Es gibt im AED Markt große Unterschiede, zuerst muss man sich klar werden warum ein AED angeschafft wird. Geht es nur darum einen AED zu haben, weil das QMS (Qualitäts-Management-System) einen empfiehlt oder wird ein AED aus Überzeugung angeschafft um Menschenleben zu retten und ein herzsicheres Umfeld zu schaffen?

Für den Fall das der AED aus Überzeugung angeschafft wird:

1. 100% Einsatzbereitschaft:
Ist der AED und ALLE Komponenten immer einsatzbereit?
Führt das Gerät TÄGLICH einen Selbsttest durch um folgende Komponenten
zu überprüfen und zeigt durch ein Lämpchen UND ein Tonsignal an ob
etwas nicht stimmt?
• Batterie: Vorhanden und genug Spannung?
• Elektroden: Vorhanden, Angeschlossen und Einsatzbereit?
• Technik und Software: alles einwandfrei?
(Vorsicht: Manche Hersteller geben an Ihr Gerät sei Einsatzbereit obwohl lediglich die Batterie geprüft wird, wichtig ist die Prüfung der Elektroden – da das verwendete Gel zu 90% aus Wasser besteht)

2. Wie viel Energie wird abgegeben?
Ein 17 jähriges Mädchen muss anders Behandelt werden als ein 110 Kilo schwerer, 50 jähriger Mann. Der AED sollte die individuelle Impedanz (Wiederstand) eines jeden Patienten messen und die Behandlungsintensität entsprechend berechnen. Soweit ich weiß kann das aber nur ein Gerät im Weltmarkt. (http://medispec-deutschland.de/html/kardiologie.html)

3. Einfache Handhabung und Rettungsanleitung.
Ein AED für Laien sollte ganz einfach funktionieren! Man darf den Stress, in der sich ein Ersthelfer befindet, nicht unterschätzen. Blinkenden Anzeigen, Display mit EKG Kurve, komplizierte Bildergeschichten etc. sollten absolut vermieden werden.
Im Idealfall behandelt das Gerät vollkommen automatisch – ohne einen Knopf zur Schockabgabe. Es gibt Fälle in denen der Patient gestorben ist, weil sich jemand nicht traute den rot blinkenden Knopf zu drücken. (Keine Angst: ein AED löst nur einen Schock aus wenn der Patient auch wirklich einen braucht).
Die Rettung sollte durch einfache klare Sprachanweisung angeleitet werden. Wichtig ist auch das das Gerät auf den Anwender “wartet” und nicht einfach ein Programm abspult, nicht jeder ist gleich schnell in seinen Handlungen.
Ist bei einem Patienten kein Schock notwendig, muss dennoch mit der Herz-Lungen-Wiederbelebung (HLW) angefangen werde, ebenso nach einer Schockabgabe.
Auch die HLW sollte durch klare Anweisungen und einen Rhytmus angeleitet werden.
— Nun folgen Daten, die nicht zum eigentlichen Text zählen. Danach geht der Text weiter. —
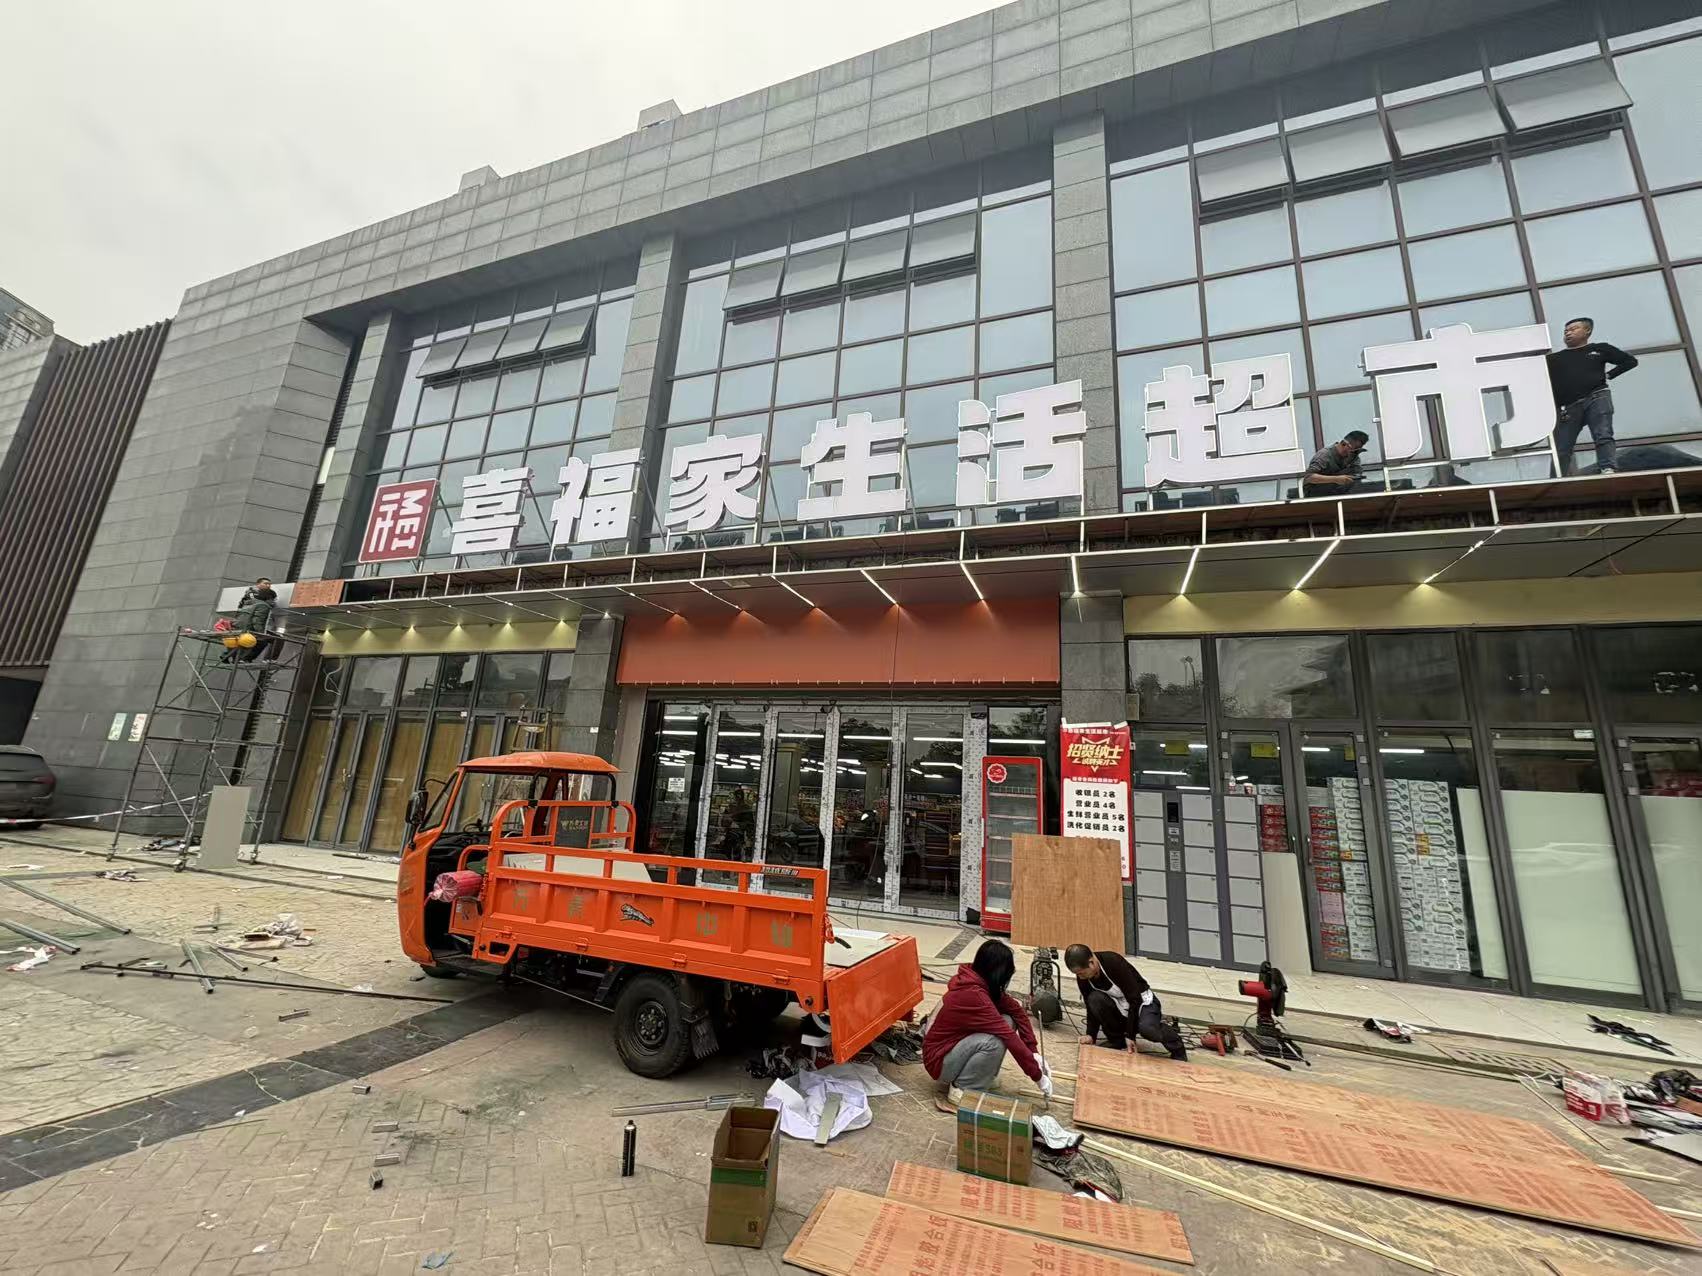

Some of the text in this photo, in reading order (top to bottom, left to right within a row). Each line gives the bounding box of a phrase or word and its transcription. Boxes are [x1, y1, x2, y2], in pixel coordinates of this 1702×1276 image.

[450, 323, 1558, 557] 喜福家生活超市
[1066, 743, 1124, 759] 招贤纳士
4. Behandlung von Kindern.
Da der plötzlichen Herztod wirklich alle treffen kann, sollten auch Kinder mit einem
AED behandelt werden können. Hierzu gibt es dann z.B spezielle Elektroden.

5. Behandlung von SVT (SupraVentrikuläre Tachikardie)
Etwa 7% der Opfer des plötzlichen Herzodes haben eine sogenannte SVT, nicht alle
AED´s sind in der Lage diese auch zu behandeln.

Ich halte das Thema AED persönlich für sehr wichtig – alleine in meinem Umfeld sind
zwei Personen “plötzlich” gestorben. Ich denke wenn zu diesem Zeitpunkt ein AED in reichweite
gewesen wäre könnten diese Menschen noch leben, Enkel hätten noch Ihren Opa, eine Frau Ihren Mann etc.